3. Labor Force Squeeze
As noted in my previous post on proposed policies, deportations threaten a key slice of the housing labor force:
- Immigrant workers account for 24% of U.S. construction labor; 13% of those are undocumented.
- With 400,000 unfilled positions pre-2025, losing even one-quarter of immigrant labor could drive construction wages up by 10–15%, particularly in labor-intensive trades like drywall, roofing, and concrete.
- Delays are mounting: some medium-sized builders report project timelines extending by 4–6 weeks, meaning delayed move-ins, lower turnover, and tighter supply pipeline.
- Higher labor, material, and regulatory costs cumulatively piggyback to deter new starts — pushing housing starts closer to historic lows.
4. Why the Fed Isn’t Cutting Aggressively
Mortgage rates follow the 10-year Treasury yield plus a risk spread — and that spread is currently elevated at ~2.3% (historic average ~1.75%).

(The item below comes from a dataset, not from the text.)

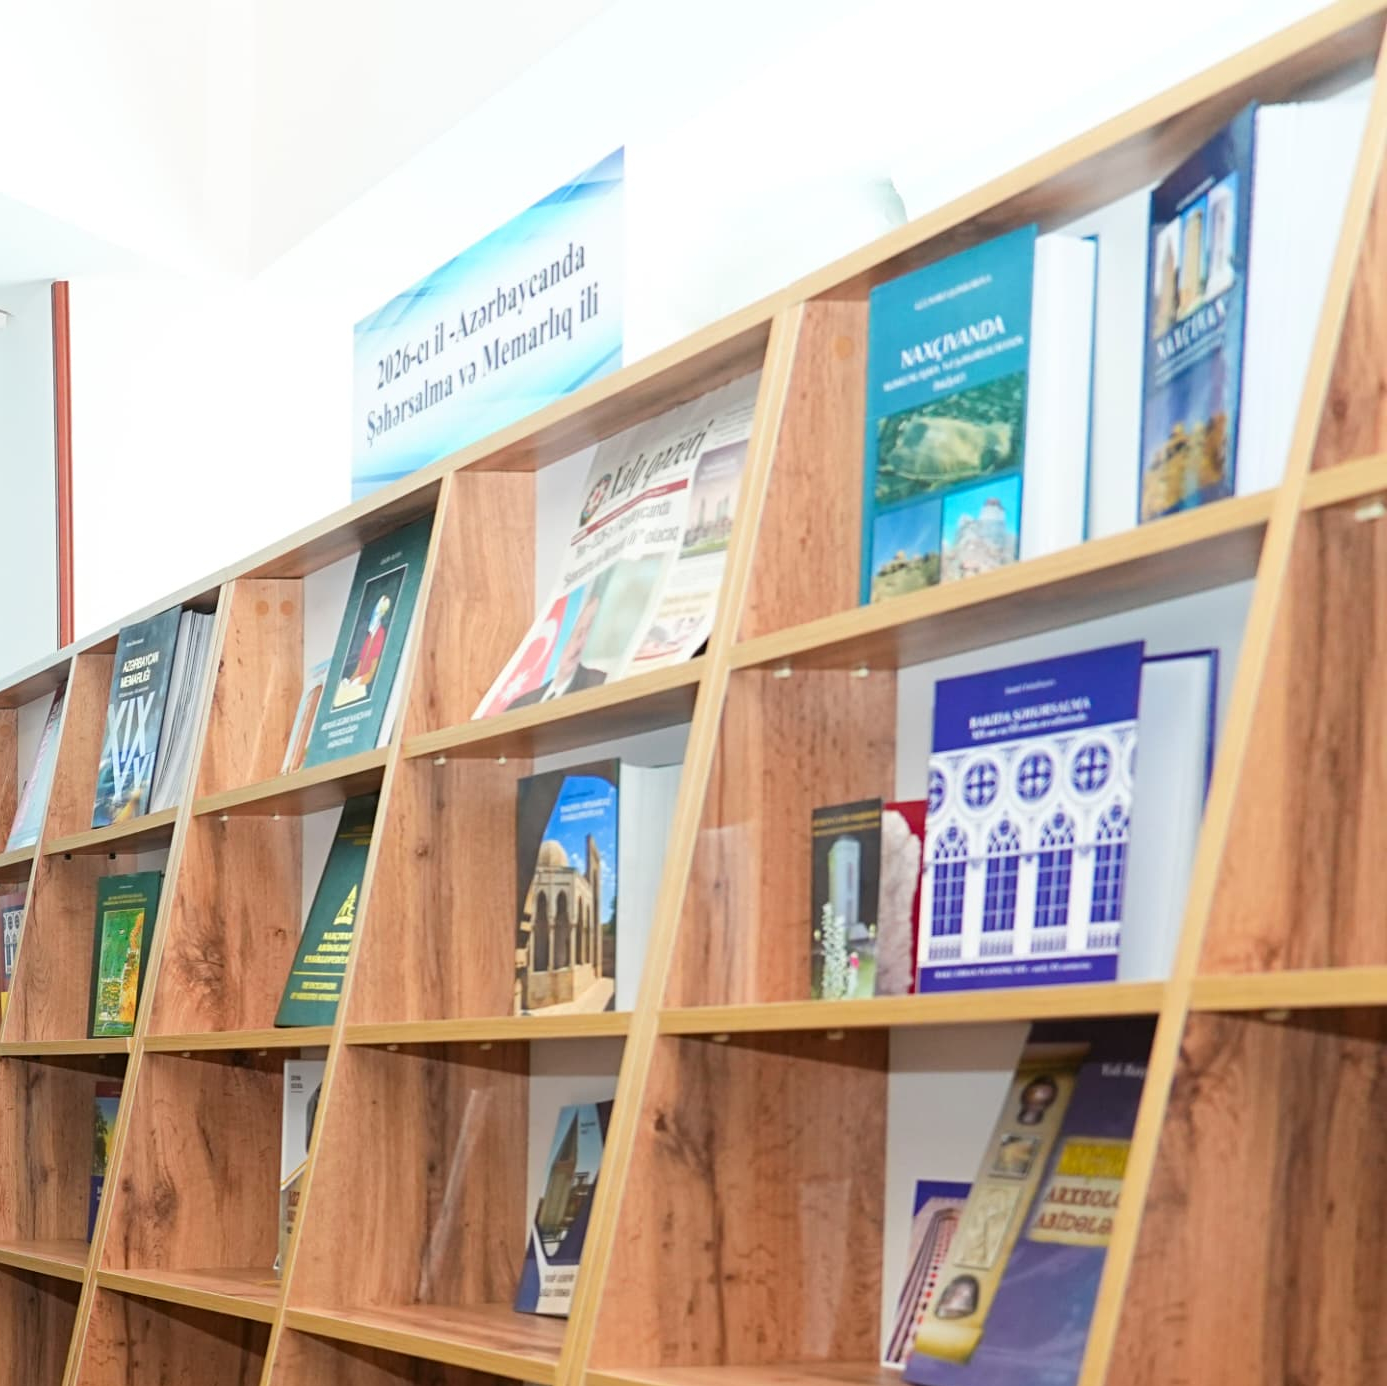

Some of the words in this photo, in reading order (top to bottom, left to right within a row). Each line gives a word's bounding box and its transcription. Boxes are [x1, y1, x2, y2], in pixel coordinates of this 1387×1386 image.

The July PPI rose 0.9% m/m (+3.3% y/y), with much driven by goods costs — including tariff-affected inputs. Cutting aggressively now risks validating inflation expectations and pushing yields higher. The Fed is instead signaling smaller, measured cuts, aiming to avoid reigniting price pressures.
5. U.S. vs. Other Major Economies
- U.S. inflation: ~4% mid-2025 vs Eurozone ~2.5%, Japan ~1%, UK ~3.5%.
- Goods inflation: ~5.5% in the U.S. vs ~2–3% abroad, with tariffs a key driver.
- Many peer economies have begun gradual rate cuts; the Fed remains cautious due to higher domestic inflation and elevated bond term premiums.
6. Stock Market ≠ Economic Health

While the stock market is holding up:
- Top 10% of households own ~89% of all U.S. stock wealth; the top 1% alone hold 54%.
- Gains don’t translate into affordability relief for most Americans.
- The S&P 500 can hit records while housing affordability hits lows — these metrics are not linked for the median household.
7. Affordability Compression
- Mortgage rates: 6.5–7%, double pre-pandemic levels.
- Materials costs: Up 10–25% depending on category (copper +40%, steel +20%).
- Labor costs: Rising 10–15% in many regions.
- Combined effect: Home prices rising 3–5% and mortgage payments up 20–30% for the same loan amount.
8. What to Watch

- 10-year Treasury yield — A 0.25% drop can shave ~0.25–0.50% off mortgage rates.
- Mortgage–Treasury spread — Falling from 2.3% toward 1.8% would offer relief even without yield drops.
- Tariff updates — Exemptions or rollbacks could lower costs in weeks.
- Construction labor data — Wage trends and workforce size will impact build rates.